Steven Covey wrote a book in 1989 that became the number one international best seller. The title of his book was The Seven Habits of Highly Effective People.

A few verses written by the apostle Paul in Titus 2:4-5 could easily be called The Seven Habits of Highly Effective Christian Women. He writes that older women should be “teachers of that which is good; that they may train the young women” to develop the following seven habits:

1. Love their husbands. It may seem odd to the Christian that Paul would need to say this; however, we have only to look at the world in which we live to discover how desperately this instruction is needed. The word for love in this passage “more nearly represents tender affection,” according to Vine. Terms of endearment such as beloved or dear help to convey the idea here.

Many of us use such terms when we are first dating or married. My wife was my “precious one”. What about now? Do you show your mate tender affection? So many problems as well as sin could be eliminated if love was a habit.

2. Love their children. Solomon said in Psalm 127:3-5 that “children are a gift from the Lord. The fruit of the womb is a reward. Like arrows in the hand of a warrior, so are the children of one’s youth. How blessed is the man whose quiver is full of them." Sadly, in our time many view children as nothing more than a necessary result of intimacy with a partner. That statement may seem harsh, but consider how many children are not nurtured in the admonition of the Lord (Ephesians 6:4). Many are taken to daycare where a “village” raises them. Meanwhile, the parent(s) spend their energies on the material pursuits of this world. The children are picked up promptly on time so as to avoid any penalty fee. One hamburger and fries later, they are tucked into bed with a quick kiss and a rather meaningless “I love you.”

It seems rather hard to love someone whom you are never around and don’t really even know them. What’s your child’s favorite game to play with you? Do you spend special time with just you and each child alone? Children are more than arrows in a quiver. They are real human beings who desperately need to experience the love of their parents. That mean attention and time – a lifetime!

Many believe they show their love by being there for the big moments like the sporting event, recital, or graduation. Yet it is rather in the daily, less pronounced moments that children experience the love of their parents.

 Some women seem incapable of loving their children. They never show affection or hug their children. Perhaps they, too, have not had the example to know how to love. This instruction of Paul is desperately needed in our time.

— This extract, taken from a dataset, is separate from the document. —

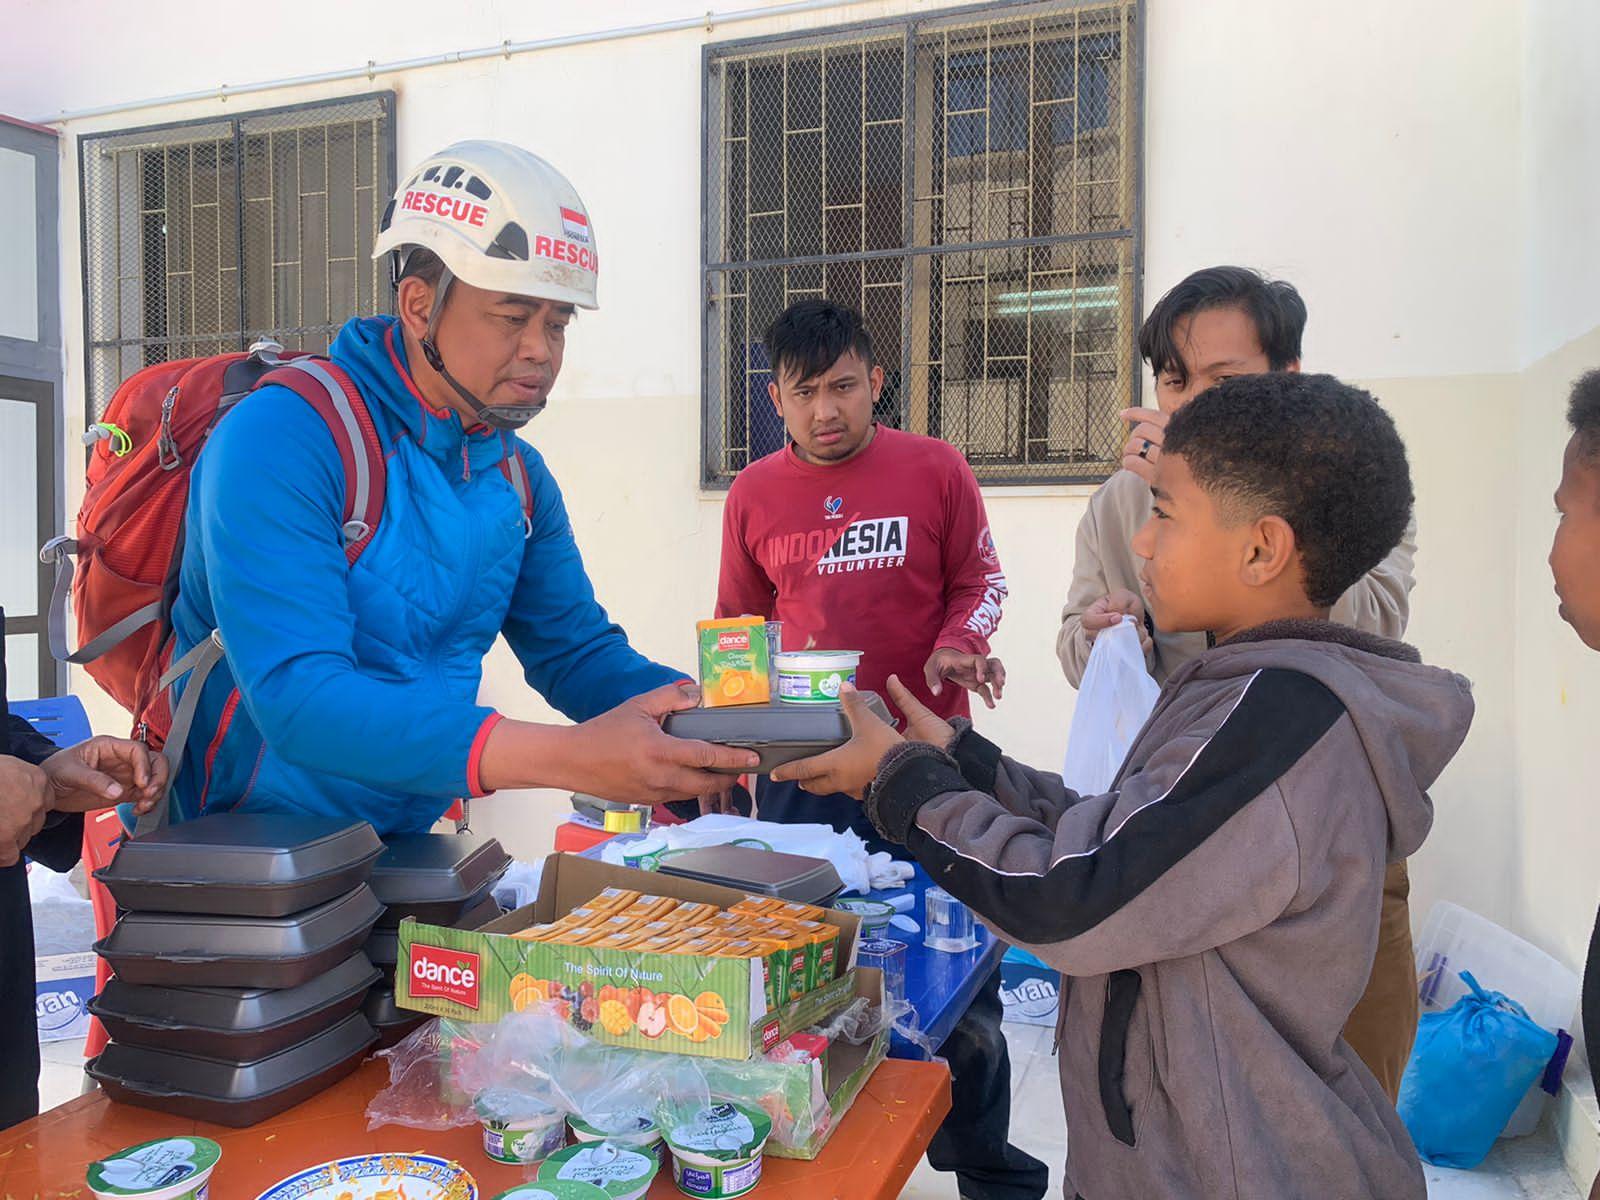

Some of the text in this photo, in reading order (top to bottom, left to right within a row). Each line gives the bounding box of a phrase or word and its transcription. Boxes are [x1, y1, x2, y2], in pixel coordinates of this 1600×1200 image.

3. To be sober minded. The idea here is that women should be self-restrained, discreet, sensible, having all their faculties under control. This is a requirement of all Christians, but the words here are penned specifically for younger women. The world’s view of women is anything but self-restrained. A better word for the world view would be self-indulged. We are bombarded with this world view. How refreshing to know Christian women who demonstrate in their lives what it means to be sober-minded.

4. Chaste. The same Greek word used here is found in 2 Corinthians 11:2, where Paul writes, “for I am jealous for you with a godly jealousy; for I betrothed you to one husband, so that to Christ I might present you as a pure virgin.” The verse in Titus requires younger women to be sexually pure. Women desiring to be chased will frequent night clubs, bars, and concerts. Women desiring to be chaste will not.

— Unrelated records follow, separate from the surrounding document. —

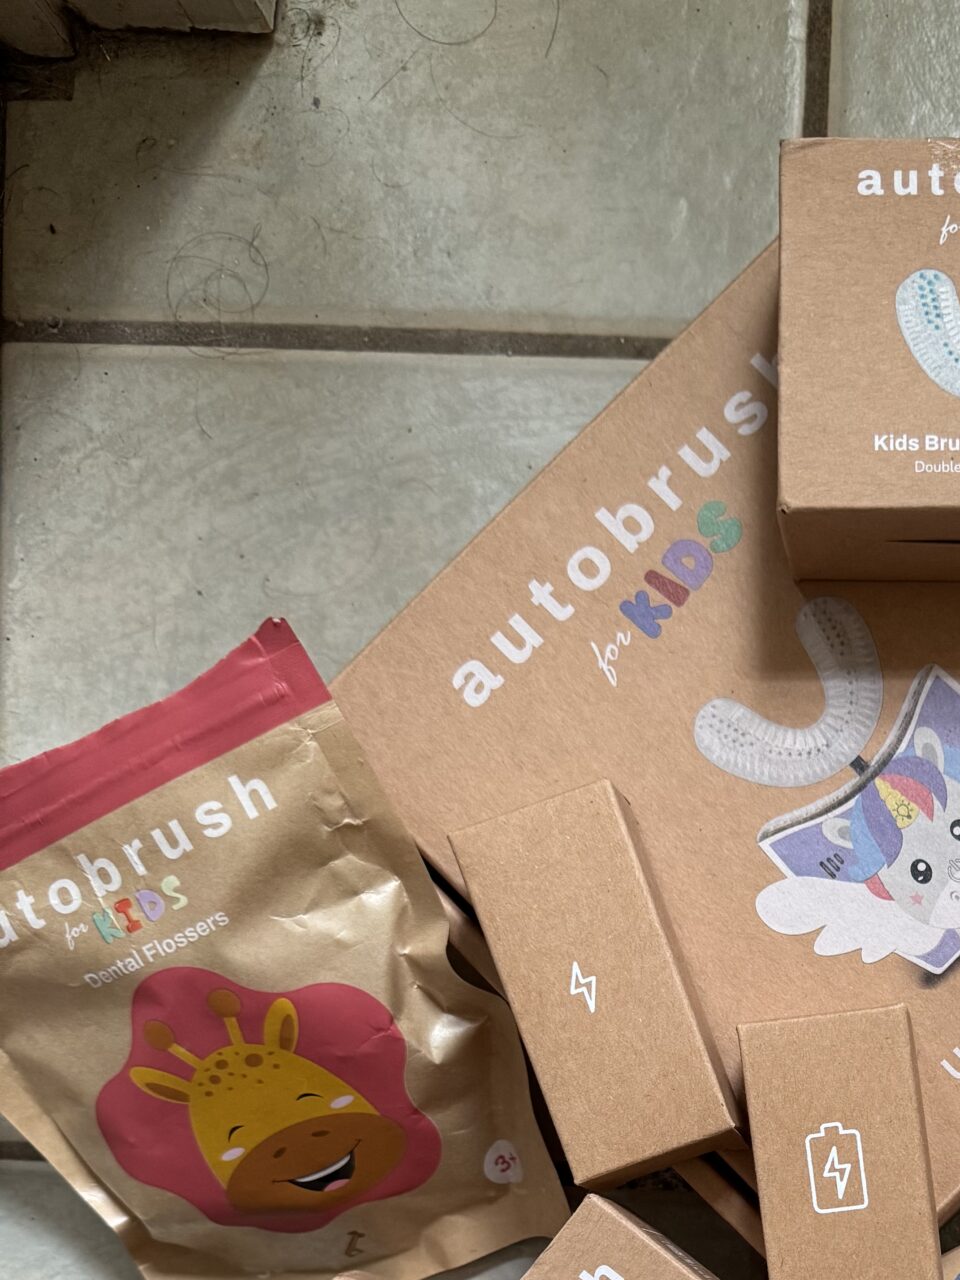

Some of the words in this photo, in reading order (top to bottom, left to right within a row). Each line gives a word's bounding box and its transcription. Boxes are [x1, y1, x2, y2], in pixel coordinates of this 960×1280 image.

[873, 434, 920, 452] Kids
[590, 630, 632, 687] for
[618, 500, 743, 640] KIDS
[63, 921, 90, 951] for
[91, 875, 189, 945] KIDS
[83, 948, 145, 990] Dental
[141, 910, 230, 963] Flossers
[493, 1152, 518, 1174] 3+

5. Workers at home. This verse does not say that women cannot work outside the home, but it does require women to be keepers at home or guardians of the home. One cannot be a keeper at home if they are never home. My wife and I decided long before our first child that she would be a worker at home. While we may have done without a few things, we have never regretted this decision. We are often told of the good behavior of our children. I can only say that their behavior is not by accident.

6. Kind. Does this word describe you? Are you good? Women, like men, can be anything but good. Notice how kindness contrasts sharply with the deeds of the flesh that Paul lists in Galatians 5: Immorality, impurity, sensuality, idolatry, sorcery, enmities, strife, jealousy, outbursts of anger, disputes, dissentions, factions, envying, and carousing.

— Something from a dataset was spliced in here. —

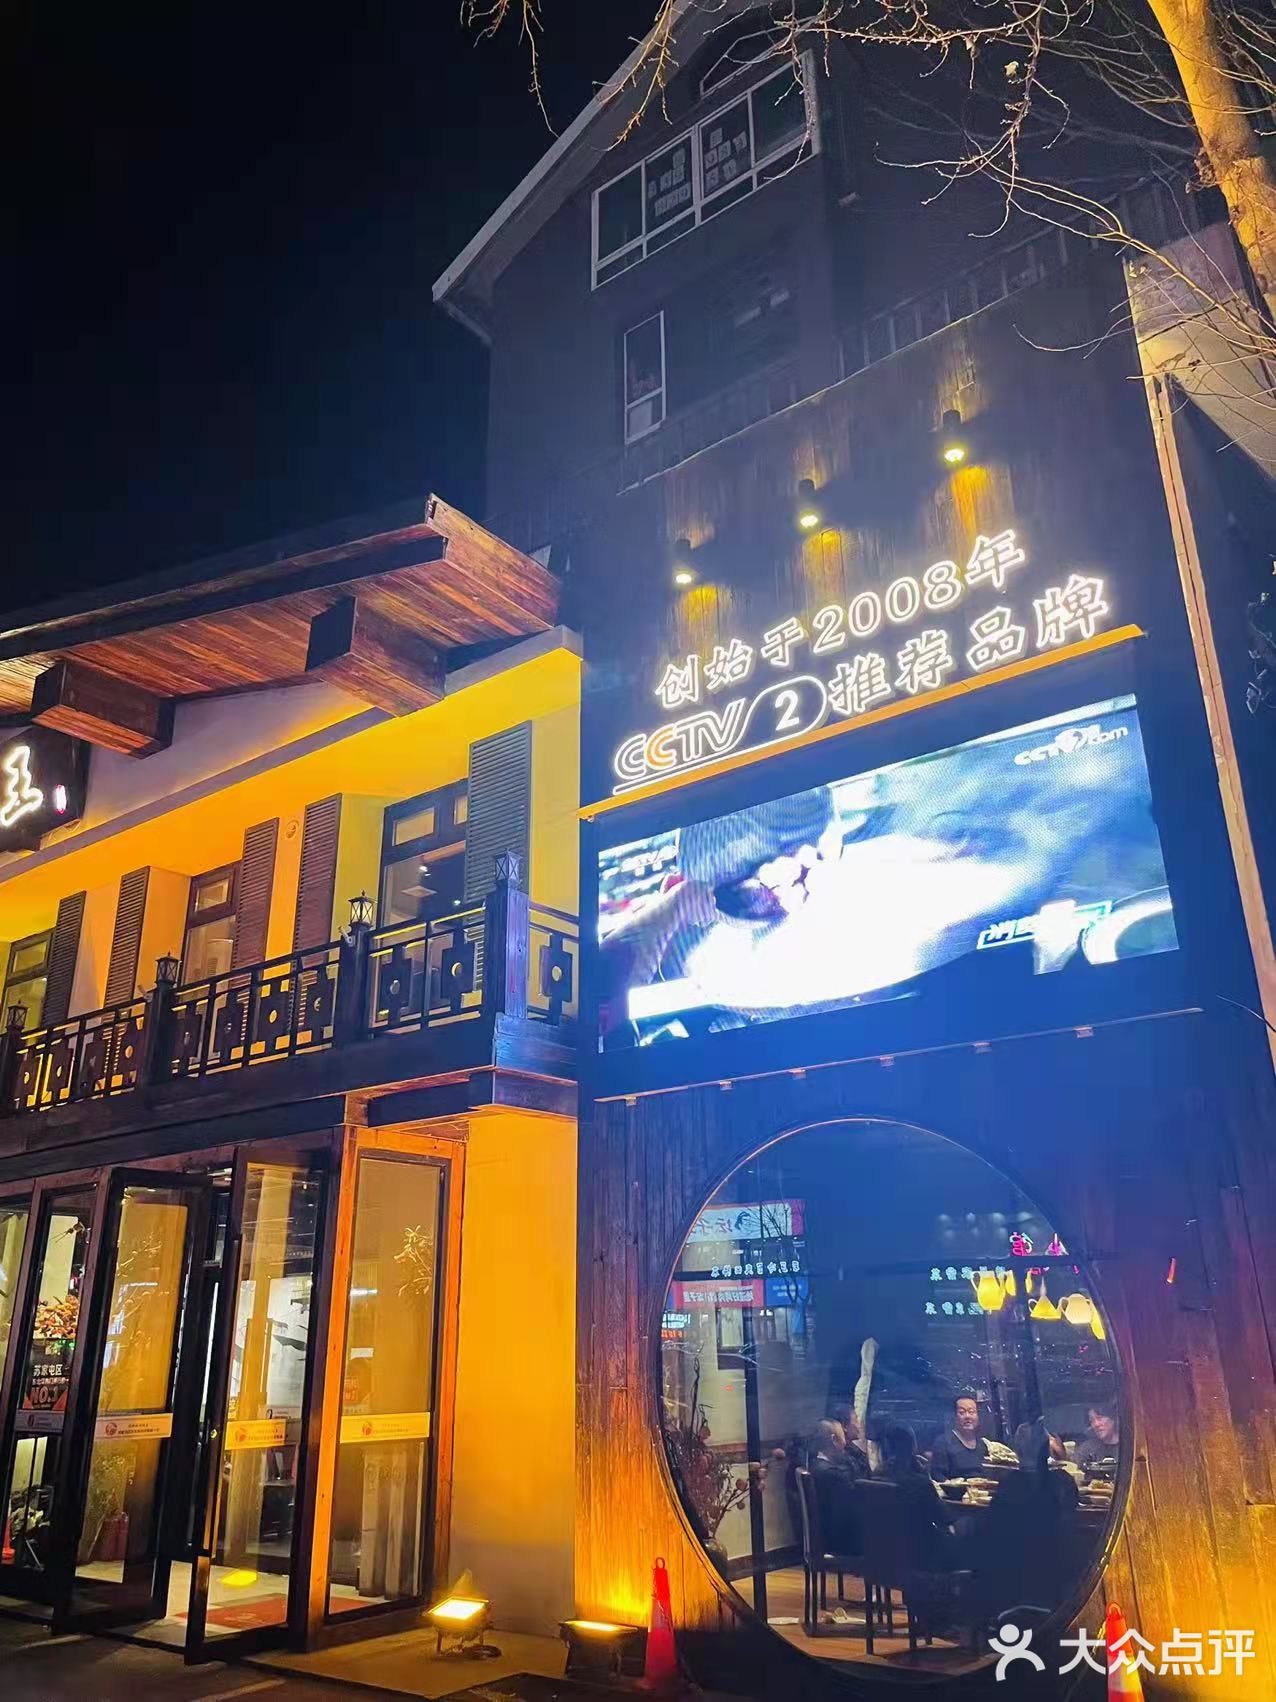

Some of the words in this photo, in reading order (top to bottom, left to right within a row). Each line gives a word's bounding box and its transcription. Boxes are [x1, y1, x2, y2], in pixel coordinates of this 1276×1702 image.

[655, 529, 1026, 709] 创始于2008年
[828, 573, 1109, 716] 推荐品牌

7. Being in subjection to their own husband. So many women reject this idea of subjection. Yet we all have been given roles and responsibilities that require us to submit to authority when that authority has been granted by God (Romans 13:1, Titus 3:1). Children are to obey their parents (Ephesians 6:1). And yes “wives are to be subject to their own husbands, as to the Lord” (Ephesians 6:22).

This last “habit” cannot be dismissed any more than the first six. Many men forsake their role as the head of the house, and just as many women have decided they “wear the pants.” In fact, this expression has become a rather common joke. In truth, it is no laughing matter. A woman who desires to be an effective Christian will be in subjection to her husband.

In conclusion, it is important to note that while these seven habits were directed at younger women, they would be taught by the example of older women (Titus 2:3). Younger women will not learn to develop these life habits by just being told them. They need to see the example of all seven being demonstrated by older women in their lives. They need to study the Biblical examples of women who exhibited these qualities. Older women need to realize that they have been given a tremendous responsibility in Titus 2:3-5. Look out for the younger women and encourage them to have these habits in their lives.